Westcott & Hort

On Resurrection Sunday our pastor preached on the text of Mark 16:1-8. Looking at my Bible, I was reminded how, according to the Greek translation of Westcott and Hort, the Gospel of Mark and chapter 16 end with verse 8. But for this gospel to end with the women trembling and afraid seems to me to be an unusual ending. Especially when the following verses include testimonies of those who had seen the risen Savior, and ultimately Mark’s version of the Great Commission by the Lord Jesus who appeared to the remaining eleven Disciples.

Of course, Westcott and Hort were an unusual pair to be translating the Word of God. Westcott did not believe that Genesis chapter 1 through 3 “gave a literal history.” Hort thought that Darwin’s theory of evolution was correct and stated that “my feeling is strong that the theory is unanswerable.” [Arthur Hort, The Life and Letters of Fenton John Anthony Hort, Vol. I (New York: MacMillan and Co., 1896), p.416)] Hort also described the Received Text (upon which the King James Version is largely based) as “villainous.” (Ibid. – p. 211) In addition, according to Westcott’s son (Life of Westcott, Vol. I, p. 229), Westcott was involved in the occult, or spiritualism as he referred to it.

And yet, the academic scholars of their day, and today also, accept the work of these two men who did not really believe in the inerrancy of the Word of God. It appears that every new translation of the Bible since 1881 has been based upon the biased translation of the Greek as done by Westcott and Hort. This includes the Revised Version (RV) - 1881, the American Standard Version (ASV) - 1901, the New King James Version (NKJV) - 1982, the New American Standard Bible (NASB) - 1971, the New International Version (NIV) - 1978, and more too numerous to list.

As an example from just the four gospels, Westcott and Hort chose to omit the following verses:
Matthew 17:21, 18:11, 23:14, Mark 7:16, 9:44, 9:46, 15:28, 16:9-20, Luke 23:17, 24:40.

Because these newer Bibles are printed in paragraph format, rather than a verse by verse format, you do not notice the missing Scripture. But they are not there.

The basis for this “advanced and modern” translation are two Bibles described as “the most reliable early manuscripts;” the Codex Vaticanus and the Codex Sinaticus. These Bibles are of uncertain provenance, do not agree with each other, and the Sinaticus is incomplete. The Sinaticus has thousands of erasures and changes.

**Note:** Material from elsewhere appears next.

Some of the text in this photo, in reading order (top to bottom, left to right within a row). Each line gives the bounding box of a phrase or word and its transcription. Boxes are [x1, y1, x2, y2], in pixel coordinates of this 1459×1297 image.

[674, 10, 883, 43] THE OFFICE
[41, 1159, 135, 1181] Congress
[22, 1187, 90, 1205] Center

Are these the hallmarks of a valid source? It is difficult to consider these Bibles as “reliable.”

Further, a Greek manuscript specialist, Constantine Simonides, claimed that he prepared the Sinaticus Bible in 1839 using ancient vellum that he obtained. He offered to prove that he prepared it by showing certain acrostics that he had placed in the work. His offer was refused. The Sinaticus was accepted as is. In my opinion, it was accepted because it fit the agenda of the scholars of that day.

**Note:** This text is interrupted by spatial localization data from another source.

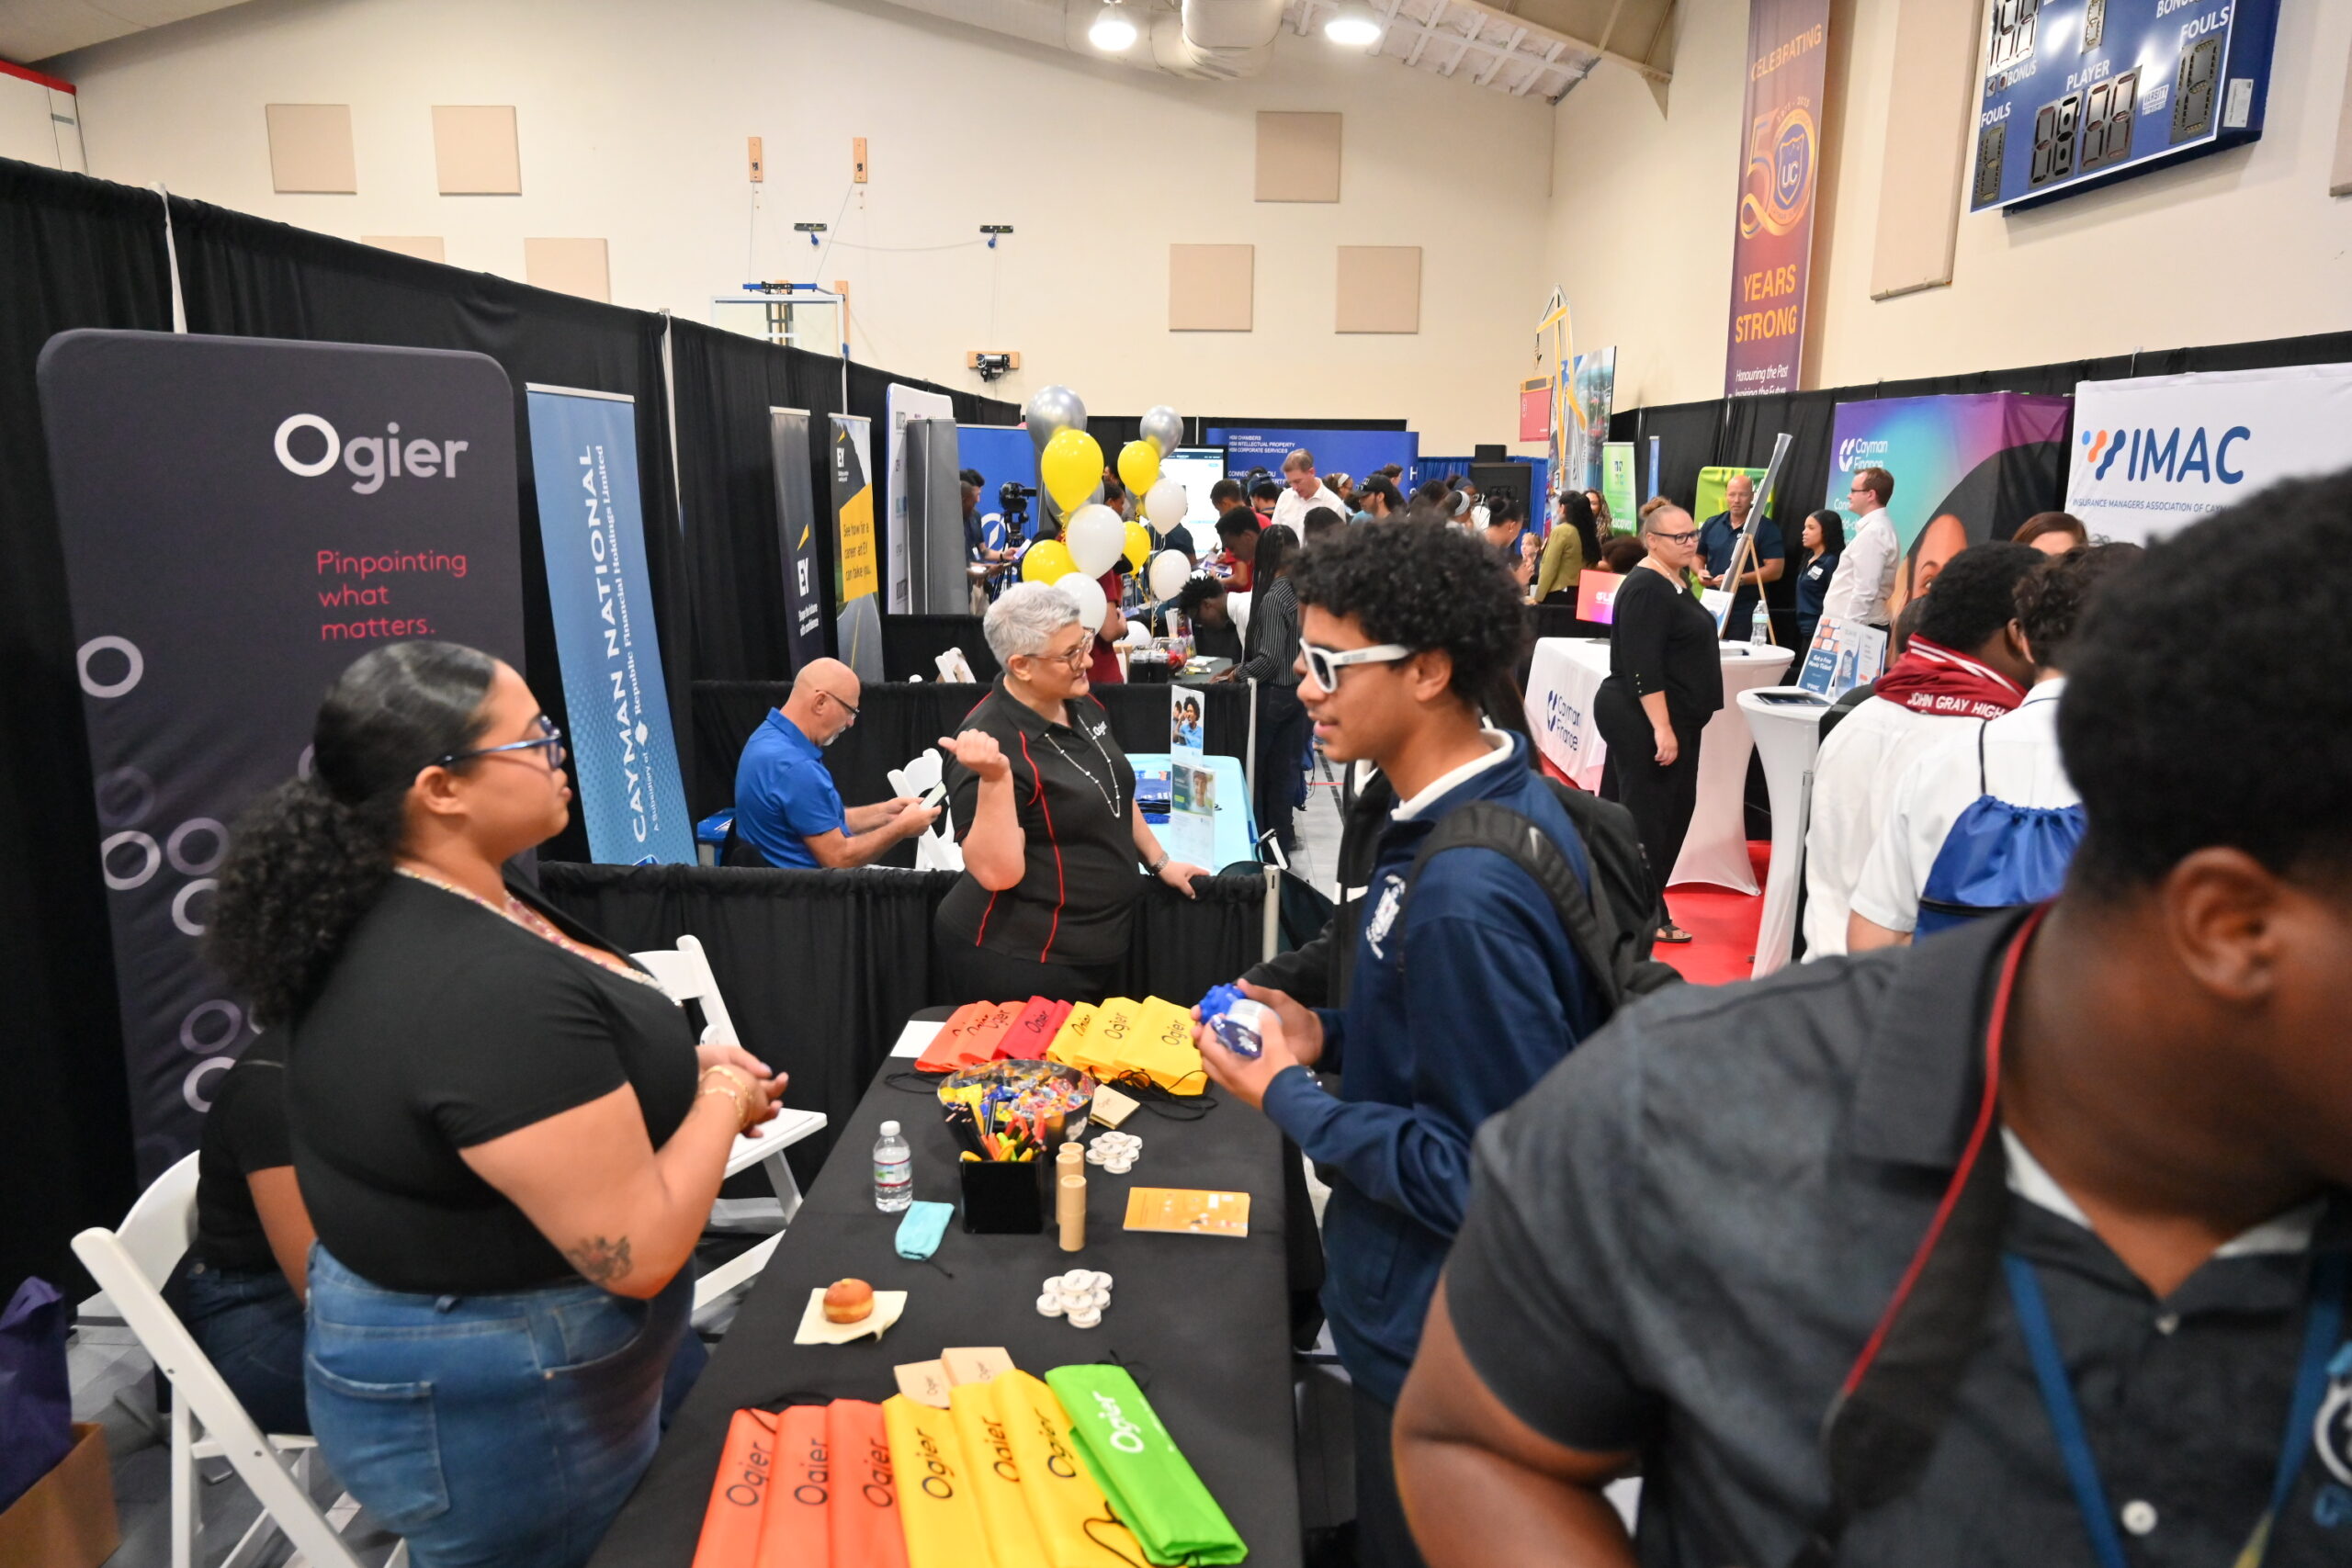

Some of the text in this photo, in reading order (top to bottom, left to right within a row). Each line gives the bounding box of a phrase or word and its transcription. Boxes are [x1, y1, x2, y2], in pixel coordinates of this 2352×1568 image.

[2156, 0, 2203, 18] BON
[2180, 6, 2230, 43] FOULS
[1751, 24, 1823, 82] CELEBRATING
[2007, 62, 2037, 86] BONUS
[2066, 59, 2110, 91] PLAYER
[1981, 101, 2011, 128] FOULS
[1781, 161, 1799, 188] UC
[1744, 264, 1797, 302] YEARS
[1735, 305, 1798, 344] STRONG
[1767, 365, 1777, 378] the
[274, 413, 469, 495] Ogier
[837, 447, 844, 468] EY
[1855, 437, 1888, 457] Cayman
[2128, 425, 2251, 485] IMAC
[595, 446, 611, 504] Limited
[2073, 499, 2227, 513] INSURANCE MANAGERS ASSOCIATION OF CAYM
[603, 506, 621, 574] Holdings
[317, 549, 468, 581] Pinpointing
[797, 558, 808, 597] EY
[318, 583, 390, 607] what
[615, 578, 632, 648] Financial
[322, 617, 436, 641] matters.
[579, 445, 647, 842] CAYMAN NATIONAL
[628, 651, 642, 716] Republic
[1557, 695, 1581, 727] Cayman
[1906, 692, 2006, 720] JOHN GRAY HIGH
[1556, 719, 1578, 751] Finance
[1104, 1011, 1128, 1040] Ogier
[1161, 1019, 1189, 1045] Ogier
[1091, 1390, 1145, 1454] Ogier
[981, 1416, 1021, 1483] Ogier
[1034, 1406, 1077, 1479] Ogier
[725, 1441, 773, 1507] Ogier
[794, 1438, 830, 1506] Ogier
[862, 1438, 894, 1508] Ogier
[915, 1427, 956, 1500] Ogier

Dr. David L. Brown, an American minister and collector of old Bibles, has inspected the Codex Sinaticus in the British Library. He reports that you can see where the last twelve verses of the Gospel of Mark “have been pumiced” (erased with abrasive volcanic rock)!

The King James Version of the Bible is a revision and not a translation. The first instruction of King James to the scholars was,

“The ordinary Bible, read in the church, commonly called the Bishop’s Bible, to be followed, and as little altered as the original will permit.”
But the King James Version is based upon the Received Text, a collection of thousands of manuscripts and portions of manuscripts - not on two questionable texts.

All of our “modern translations” are the result of the Higher Criticism movement of the Seventeenth and Eighteenth Centuries. I believe this is just another reason to think that the Day of the Lord Jesus is near. (Second Thessalonians 2:2) Hallelujah!